Some CUDA AWS/Ubuntu Notes

Written on November 9, 2017
[ unix-tools  tensorflow  wwe  ]

Been cleaning up my work email and found these notes on installing CUDA on an EC2 instance from back in April. Figured some of it could potentially come in handy one day.

These commands should work on Ubuntu, but no promises for a Mac.

Verify machine has CUDA-capable GPU

lspci | grep -i nvidia

  00:03.0 VGA compatible controller: NVIDIA Corporation GK104GL [GRID K520] (rev a1)

Check!

Verify that we have supported version of Linux (should see x86_64 for 64-bit)

uname -m && cat /etc/*release

  x86_64
  DISTRIB_ID=Ubuntu
  DISTRIB_RELEASE=16.04
  DISTRIB_CODENAME=xenial
  DISTRIB_DESCRIPTION="Ubuntu 16.04.2 LTS"
  NAME="Ubuntu"
  VERSION="16.04.2 LTS (Xenial Xerus)"
  ID=ubuntu
  ID_LIKE=debian
  PRETTY_NAME="Ubuntu 16.04.2 LTS"
  VERSION_ID="16.04"
  HOME_URL="http://www.ubuntu.com/"
  SUPPORT_URL="http://help.ubuntu.com/"
  BUG_REPORT_URL="http://bugs.launchpad.net/ubuntu/"
  VERSION_CODENAME=xenial
  UBUNTU_CODENAME=xenial

Check!

Verify system has gcc installed

gcc --version

  gcc (Ubuntu 5.4.0-6ubuntu1~16.04.4) 5.4.0 20160609
  Copyright (C) 2015 Free Software Foundation, Inc.
  This is free software; see the source for copying conditions.  There is NO
  warranty; not even for MERCHANTABILITY or FITNESS FOR A PARTICULAR PURPOSE.

Check!

System must have development packages consistent w/ the kernel headers

uname -r    #  show kernel version on system

  4.4.0-75-generic

Latest kernel headers and development packages

# Maybe this will help
sudo apt-get install linux-headers-$(uname -r)    

Environment Variables

I could not import TensorFlow into Python without error:

ImportError: libcudart.so.8.0: cannot open shared object file: No such file or directory

This basically says that Python/TensorFlow could not detect any the relevant GPU software. Fortunately, googling an error message gets one on the right path pretty quickly. In particular, this page indicated that we might be missing a necessary environment variable.

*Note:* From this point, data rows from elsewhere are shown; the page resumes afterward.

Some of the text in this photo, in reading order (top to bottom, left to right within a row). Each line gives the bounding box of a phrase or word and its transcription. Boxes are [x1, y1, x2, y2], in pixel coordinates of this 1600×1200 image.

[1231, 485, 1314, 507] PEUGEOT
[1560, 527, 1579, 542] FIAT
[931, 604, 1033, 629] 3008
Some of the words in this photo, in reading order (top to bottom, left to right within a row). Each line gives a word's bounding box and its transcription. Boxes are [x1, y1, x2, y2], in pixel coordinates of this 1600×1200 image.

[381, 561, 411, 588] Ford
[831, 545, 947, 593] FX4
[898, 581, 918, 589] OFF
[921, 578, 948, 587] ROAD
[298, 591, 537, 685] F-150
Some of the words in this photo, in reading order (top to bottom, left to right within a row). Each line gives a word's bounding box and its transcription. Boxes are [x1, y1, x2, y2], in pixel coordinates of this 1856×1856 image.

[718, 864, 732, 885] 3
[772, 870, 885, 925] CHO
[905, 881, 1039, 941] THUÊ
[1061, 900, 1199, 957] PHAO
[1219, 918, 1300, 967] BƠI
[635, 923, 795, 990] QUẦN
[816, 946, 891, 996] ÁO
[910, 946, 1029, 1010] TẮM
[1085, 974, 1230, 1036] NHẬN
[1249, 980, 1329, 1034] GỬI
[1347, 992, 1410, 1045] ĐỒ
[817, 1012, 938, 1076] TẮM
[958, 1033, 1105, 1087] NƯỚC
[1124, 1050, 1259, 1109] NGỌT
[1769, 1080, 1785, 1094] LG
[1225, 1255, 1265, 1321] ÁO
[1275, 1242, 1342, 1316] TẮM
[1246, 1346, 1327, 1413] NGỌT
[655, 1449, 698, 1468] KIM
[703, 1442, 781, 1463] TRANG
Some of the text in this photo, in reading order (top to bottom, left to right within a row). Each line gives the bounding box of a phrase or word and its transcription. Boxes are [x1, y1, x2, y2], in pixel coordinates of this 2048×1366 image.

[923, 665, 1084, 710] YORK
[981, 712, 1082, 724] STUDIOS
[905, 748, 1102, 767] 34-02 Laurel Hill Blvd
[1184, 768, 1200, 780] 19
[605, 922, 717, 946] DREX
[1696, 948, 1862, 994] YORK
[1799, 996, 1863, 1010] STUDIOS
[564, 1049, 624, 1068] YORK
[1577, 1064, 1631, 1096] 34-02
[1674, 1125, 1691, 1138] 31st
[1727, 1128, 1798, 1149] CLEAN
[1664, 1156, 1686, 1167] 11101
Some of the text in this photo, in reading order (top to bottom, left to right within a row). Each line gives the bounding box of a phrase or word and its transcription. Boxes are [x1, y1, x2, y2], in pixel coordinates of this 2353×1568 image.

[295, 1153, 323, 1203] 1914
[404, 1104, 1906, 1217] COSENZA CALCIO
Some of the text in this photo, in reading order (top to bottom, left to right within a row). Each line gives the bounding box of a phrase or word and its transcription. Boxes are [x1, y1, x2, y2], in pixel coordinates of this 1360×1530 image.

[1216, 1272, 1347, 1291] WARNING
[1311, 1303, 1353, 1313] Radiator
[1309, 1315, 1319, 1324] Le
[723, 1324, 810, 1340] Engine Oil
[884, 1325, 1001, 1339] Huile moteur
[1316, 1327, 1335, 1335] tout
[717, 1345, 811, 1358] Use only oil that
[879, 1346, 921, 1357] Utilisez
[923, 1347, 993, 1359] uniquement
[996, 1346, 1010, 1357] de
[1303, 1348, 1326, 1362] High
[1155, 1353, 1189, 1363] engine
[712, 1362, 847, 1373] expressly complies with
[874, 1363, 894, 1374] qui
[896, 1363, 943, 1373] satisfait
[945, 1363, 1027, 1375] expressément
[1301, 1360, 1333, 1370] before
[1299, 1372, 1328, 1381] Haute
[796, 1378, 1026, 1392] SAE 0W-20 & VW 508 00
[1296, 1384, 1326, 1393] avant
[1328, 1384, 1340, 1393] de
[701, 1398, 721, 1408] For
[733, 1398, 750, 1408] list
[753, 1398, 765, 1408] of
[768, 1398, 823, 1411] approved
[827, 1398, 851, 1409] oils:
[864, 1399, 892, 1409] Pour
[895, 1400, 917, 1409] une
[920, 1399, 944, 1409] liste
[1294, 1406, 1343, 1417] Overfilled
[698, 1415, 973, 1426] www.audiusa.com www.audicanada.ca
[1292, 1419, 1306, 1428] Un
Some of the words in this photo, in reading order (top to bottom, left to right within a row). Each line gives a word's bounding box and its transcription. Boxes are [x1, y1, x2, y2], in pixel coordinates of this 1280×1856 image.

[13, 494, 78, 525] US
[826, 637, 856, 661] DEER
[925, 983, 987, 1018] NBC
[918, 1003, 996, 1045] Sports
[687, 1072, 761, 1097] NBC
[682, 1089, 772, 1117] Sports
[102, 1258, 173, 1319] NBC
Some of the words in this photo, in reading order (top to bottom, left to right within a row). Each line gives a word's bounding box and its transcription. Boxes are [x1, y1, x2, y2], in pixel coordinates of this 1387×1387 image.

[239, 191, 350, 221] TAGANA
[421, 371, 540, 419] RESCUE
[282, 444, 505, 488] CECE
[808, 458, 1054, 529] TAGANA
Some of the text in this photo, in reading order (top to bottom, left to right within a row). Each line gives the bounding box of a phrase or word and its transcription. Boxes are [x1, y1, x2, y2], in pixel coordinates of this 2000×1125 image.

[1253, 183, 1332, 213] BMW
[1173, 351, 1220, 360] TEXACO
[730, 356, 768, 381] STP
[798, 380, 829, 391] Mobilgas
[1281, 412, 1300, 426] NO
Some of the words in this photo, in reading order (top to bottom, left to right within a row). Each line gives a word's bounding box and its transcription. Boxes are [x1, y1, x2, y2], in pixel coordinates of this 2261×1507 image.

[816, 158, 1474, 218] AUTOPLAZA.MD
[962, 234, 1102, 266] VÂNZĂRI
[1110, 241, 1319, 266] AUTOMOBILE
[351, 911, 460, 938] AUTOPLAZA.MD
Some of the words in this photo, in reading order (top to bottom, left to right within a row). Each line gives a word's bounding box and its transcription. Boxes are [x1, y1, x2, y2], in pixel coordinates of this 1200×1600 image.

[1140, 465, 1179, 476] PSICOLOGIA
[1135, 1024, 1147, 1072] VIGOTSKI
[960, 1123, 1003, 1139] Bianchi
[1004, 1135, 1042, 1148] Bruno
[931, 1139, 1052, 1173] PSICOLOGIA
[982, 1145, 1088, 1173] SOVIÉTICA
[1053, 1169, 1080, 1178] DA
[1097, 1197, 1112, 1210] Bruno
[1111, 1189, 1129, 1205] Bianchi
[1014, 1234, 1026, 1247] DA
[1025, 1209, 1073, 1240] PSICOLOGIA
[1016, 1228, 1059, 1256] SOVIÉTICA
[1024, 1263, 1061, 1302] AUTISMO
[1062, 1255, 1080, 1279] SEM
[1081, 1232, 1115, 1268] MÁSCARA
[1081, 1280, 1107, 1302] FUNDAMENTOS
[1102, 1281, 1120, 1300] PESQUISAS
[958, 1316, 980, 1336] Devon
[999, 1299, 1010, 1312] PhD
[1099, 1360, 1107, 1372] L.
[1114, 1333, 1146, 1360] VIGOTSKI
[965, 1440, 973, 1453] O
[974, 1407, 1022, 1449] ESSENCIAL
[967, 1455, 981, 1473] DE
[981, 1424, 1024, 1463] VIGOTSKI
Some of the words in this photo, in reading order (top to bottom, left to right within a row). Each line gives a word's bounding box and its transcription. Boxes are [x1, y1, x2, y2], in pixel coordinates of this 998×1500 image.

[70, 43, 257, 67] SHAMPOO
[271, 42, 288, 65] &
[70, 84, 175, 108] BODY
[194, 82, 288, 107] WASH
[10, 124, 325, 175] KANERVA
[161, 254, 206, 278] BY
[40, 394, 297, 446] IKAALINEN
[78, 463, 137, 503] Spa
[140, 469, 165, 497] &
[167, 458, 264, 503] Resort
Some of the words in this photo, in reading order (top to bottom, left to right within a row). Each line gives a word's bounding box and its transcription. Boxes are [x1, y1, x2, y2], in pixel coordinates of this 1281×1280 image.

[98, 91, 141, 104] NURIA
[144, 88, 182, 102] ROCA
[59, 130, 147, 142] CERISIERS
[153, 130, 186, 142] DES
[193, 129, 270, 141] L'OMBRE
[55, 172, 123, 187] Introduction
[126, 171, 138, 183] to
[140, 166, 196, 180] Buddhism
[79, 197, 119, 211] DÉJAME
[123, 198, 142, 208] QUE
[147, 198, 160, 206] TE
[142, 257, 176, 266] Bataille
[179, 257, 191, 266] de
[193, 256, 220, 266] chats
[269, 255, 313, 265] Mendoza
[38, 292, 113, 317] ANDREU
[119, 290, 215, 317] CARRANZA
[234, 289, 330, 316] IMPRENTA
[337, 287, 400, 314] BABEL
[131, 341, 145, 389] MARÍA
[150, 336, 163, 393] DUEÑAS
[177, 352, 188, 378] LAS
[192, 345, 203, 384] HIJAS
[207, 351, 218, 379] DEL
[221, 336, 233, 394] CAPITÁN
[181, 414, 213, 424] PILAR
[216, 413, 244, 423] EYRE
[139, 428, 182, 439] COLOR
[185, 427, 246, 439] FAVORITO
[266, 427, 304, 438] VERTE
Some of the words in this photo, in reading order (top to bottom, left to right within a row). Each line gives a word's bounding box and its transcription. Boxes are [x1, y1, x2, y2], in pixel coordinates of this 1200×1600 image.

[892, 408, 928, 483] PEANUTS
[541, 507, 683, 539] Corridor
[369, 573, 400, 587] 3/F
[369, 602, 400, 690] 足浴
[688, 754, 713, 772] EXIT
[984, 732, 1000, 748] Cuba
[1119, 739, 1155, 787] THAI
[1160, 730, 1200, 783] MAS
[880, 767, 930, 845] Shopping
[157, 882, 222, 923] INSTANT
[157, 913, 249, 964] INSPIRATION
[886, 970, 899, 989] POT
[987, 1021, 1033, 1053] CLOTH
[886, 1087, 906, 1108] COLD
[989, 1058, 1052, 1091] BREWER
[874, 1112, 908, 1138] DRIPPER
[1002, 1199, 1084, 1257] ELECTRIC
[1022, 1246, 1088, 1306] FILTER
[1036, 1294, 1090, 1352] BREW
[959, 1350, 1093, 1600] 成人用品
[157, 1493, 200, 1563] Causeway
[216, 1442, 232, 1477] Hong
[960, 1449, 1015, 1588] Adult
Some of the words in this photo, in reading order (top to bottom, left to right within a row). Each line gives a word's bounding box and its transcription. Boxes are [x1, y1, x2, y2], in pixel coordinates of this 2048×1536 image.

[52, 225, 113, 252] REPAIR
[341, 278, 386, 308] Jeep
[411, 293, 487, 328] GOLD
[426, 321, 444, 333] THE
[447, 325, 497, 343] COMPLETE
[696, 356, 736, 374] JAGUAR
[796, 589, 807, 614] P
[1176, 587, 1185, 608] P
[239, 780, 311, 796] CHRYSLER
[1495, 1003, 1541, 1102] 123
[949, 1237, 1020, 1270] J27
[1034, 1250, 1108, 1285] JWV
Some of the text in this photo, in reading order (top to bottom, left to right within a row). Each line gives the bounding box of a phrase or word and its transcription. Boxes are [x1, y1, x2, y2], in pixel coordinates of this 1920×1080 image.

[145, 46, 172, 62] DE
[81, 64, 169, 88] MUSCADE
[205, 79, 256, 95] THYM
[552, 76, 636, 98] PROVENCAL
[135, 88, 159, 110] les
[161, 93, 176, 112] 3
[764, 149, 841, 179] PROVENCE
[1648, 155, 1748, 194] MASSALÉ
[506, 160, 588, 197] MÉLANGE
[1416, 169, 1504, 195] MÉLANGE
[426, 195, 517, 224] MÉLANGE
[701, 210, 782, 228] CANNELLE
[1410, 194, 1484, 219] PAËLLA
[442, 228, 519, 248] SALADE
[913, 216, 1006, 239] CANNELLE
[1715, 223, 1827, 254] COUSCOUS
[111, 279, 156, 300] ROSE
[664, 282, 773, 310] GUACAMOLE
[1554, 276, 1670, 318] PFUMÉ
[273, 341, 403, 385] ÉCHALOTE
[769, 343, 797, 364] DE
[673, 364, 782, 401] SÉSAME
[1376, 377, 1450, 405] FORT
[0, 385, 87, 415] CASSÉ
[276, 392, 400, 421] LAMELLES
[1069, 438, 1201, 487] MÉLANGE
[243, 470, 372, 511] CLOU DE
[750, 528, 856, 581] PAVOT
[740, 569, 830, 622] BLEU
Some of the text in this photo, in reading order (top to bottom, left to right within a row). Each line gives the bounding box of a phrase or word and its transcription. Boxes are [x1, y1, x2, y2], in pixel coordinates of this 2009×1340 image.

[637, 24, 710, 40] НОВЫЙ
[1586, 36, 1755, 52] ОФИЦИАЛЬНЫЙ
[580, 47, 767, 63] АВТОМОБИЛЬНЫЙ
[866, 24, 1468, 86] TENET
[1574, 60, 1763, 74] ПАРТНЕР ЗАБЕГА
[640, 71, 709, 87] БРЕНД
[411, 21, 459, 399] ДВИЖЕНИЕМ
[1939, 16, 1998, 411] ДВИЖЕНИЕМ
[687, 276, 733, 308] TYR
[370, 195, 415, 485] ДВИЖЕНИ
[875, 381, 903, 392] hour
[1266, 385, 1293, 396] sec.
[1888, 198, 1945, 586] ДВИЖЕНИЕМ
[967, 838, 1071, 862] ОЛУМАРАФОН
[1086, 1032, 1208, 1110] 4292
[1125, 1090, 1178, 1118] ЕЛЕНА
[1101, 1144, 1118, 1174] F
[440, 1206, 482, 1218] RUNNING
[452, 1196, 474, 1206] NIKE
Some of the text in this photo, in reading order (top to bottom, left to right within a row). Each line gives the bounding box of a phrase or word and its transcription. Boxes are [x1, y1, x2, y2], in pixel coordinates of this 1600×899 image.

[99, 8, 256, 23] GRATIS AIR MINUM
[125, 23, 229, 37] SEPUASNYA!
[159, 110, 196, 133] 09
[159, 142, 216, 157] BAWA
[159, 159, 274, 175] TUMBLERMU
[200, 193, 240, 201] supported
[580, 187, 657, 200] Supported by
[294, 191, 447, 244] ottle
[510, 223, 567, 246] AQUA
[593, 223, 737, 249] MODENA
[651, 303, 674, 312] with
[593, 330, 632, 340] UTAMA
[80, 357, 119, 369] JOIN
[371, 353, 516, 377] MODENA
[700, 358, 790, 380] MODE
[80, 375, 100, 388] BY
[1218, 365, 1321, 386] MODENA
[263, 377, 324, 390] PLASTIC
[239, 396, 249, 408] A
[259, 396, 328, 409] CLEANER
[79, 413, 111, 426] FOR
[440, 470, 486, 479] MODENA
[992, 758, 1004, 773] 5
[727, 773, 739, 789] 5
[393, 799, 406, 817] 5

I put the following line into the .bashrc start-up file so that this environment variable is available to the OS every time we log in:

export LD_LIBRARY_PATH=/usr/local/cuda/lib64

This fixed the issue.

More about our installation of CUDA

GOAL: check to see if CUDA samples properly installed and if GPU is found

cd /usr/local/cuda/samples/1_Utilities/deviceQuery
sudo make       # compiles sample code w/in directory  (sudo gives superuser permissions)
# -- Run deviceQuery (should see info and Result=PASS)
./deviceQuery     # below is my output  (OUTCOME:  Cuda Samples installed and GPU found)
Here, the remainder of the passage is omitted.